**** SUPPLIED INFORMATION
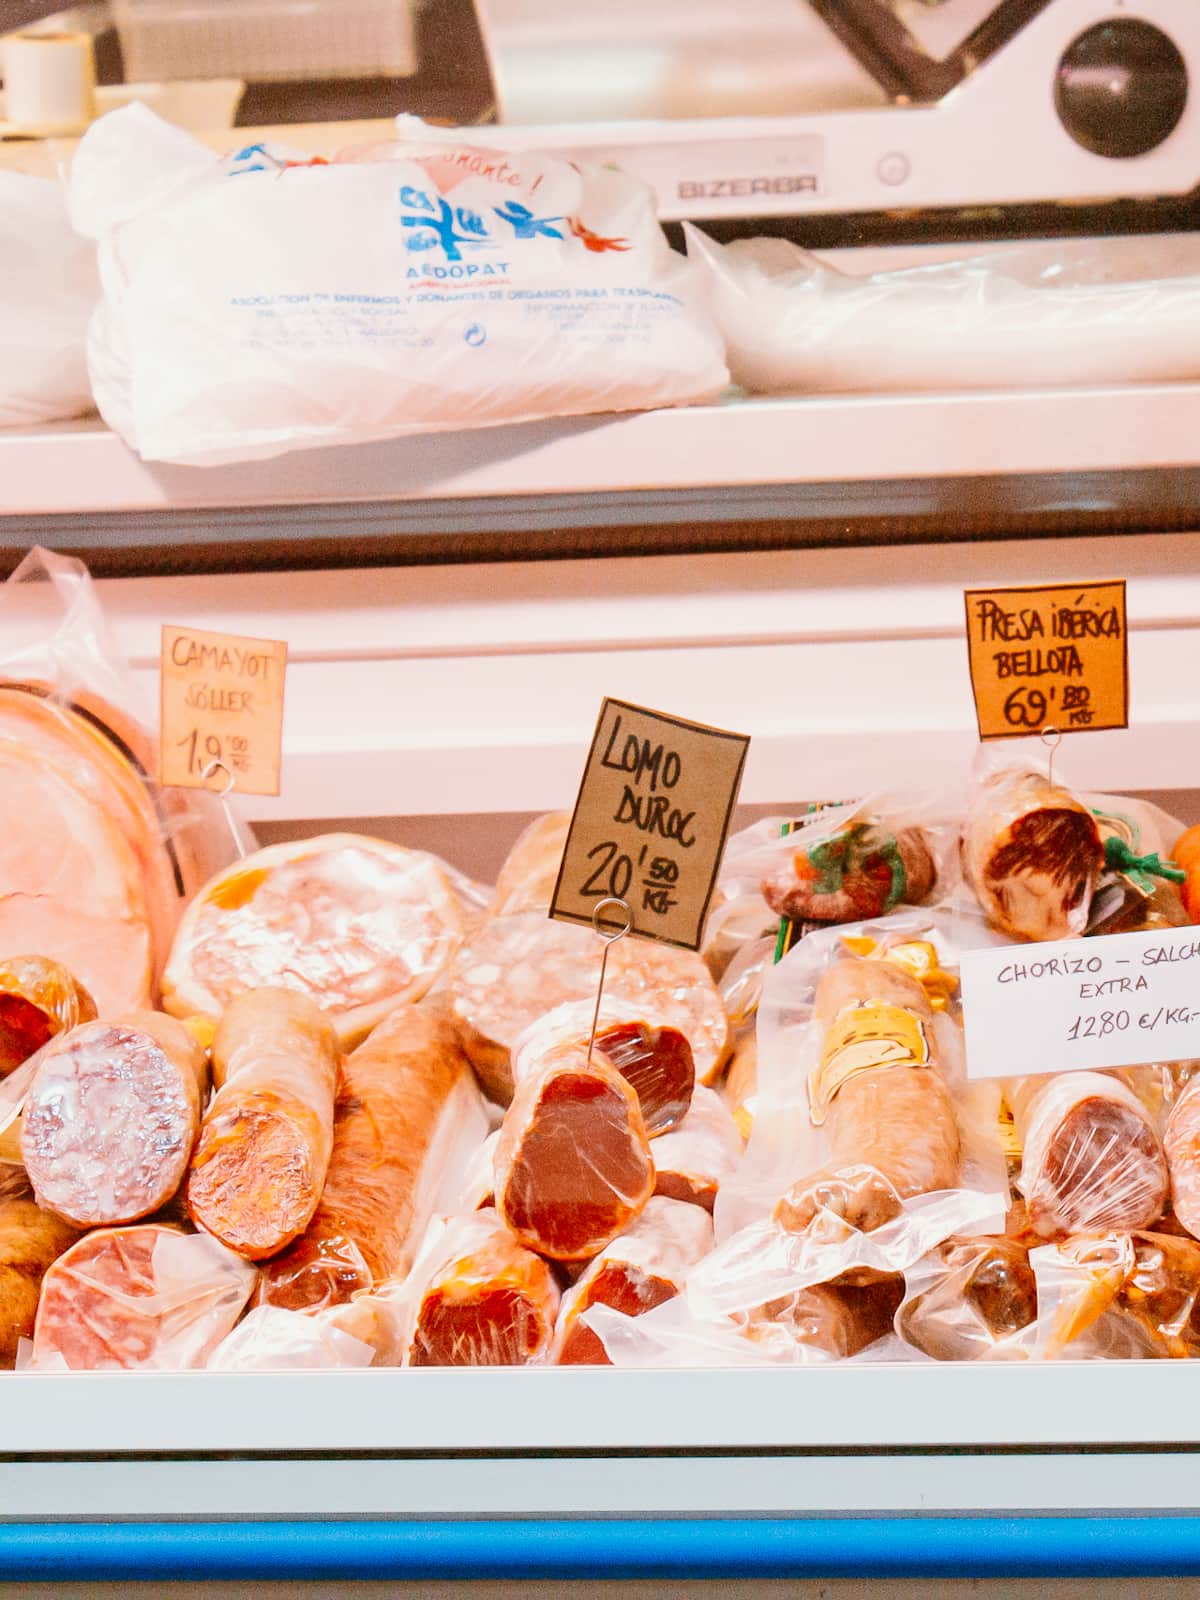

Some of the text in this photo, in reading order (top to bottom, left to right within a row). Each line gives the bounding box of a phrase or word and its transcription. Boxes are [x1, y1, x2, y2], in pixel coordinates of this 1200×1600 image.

[677, 175, 817, 200] BIZERBA
[976, 599, 1044, 642] PRESA
[171, 636, 275, 680] CAMAYOT
[993, 645, 1084, 680] BELLOTA
[601, 714, 682, 791] LOMO
[613, 785, 697, 848] DUROC
[1079, 975, 1149, 999] EXTRA
[1066, 1009, 1131, 1041] 12,80
********
EXERCISE DETAILS:
Could you restate each record word for word, keeping the pictures out?

SOLUTION TO THE EXERCISE:
Some of the text in this photo, in reading order (top to bottom, left to right within a row). Each line gives the bounding box of a phrase or word and its transcription. Boxes are [x1, y1, x2, y2], in pixel coordinates of this 1200×1600 image.

[677, 175, 817, 200] BIZERBA
[976, 599, 1044, 642] PRESA
[171, 636, 275, 680] CAMAYOT
[993, 645, 1084, 680] BELLOTA
[601, 714, 682, 791] LOMO
[613, 785, 697, 848] DUROC
[1079, 975, 1149, 999] EXTRA
[1066, 1009, 1131, 1041] 12,80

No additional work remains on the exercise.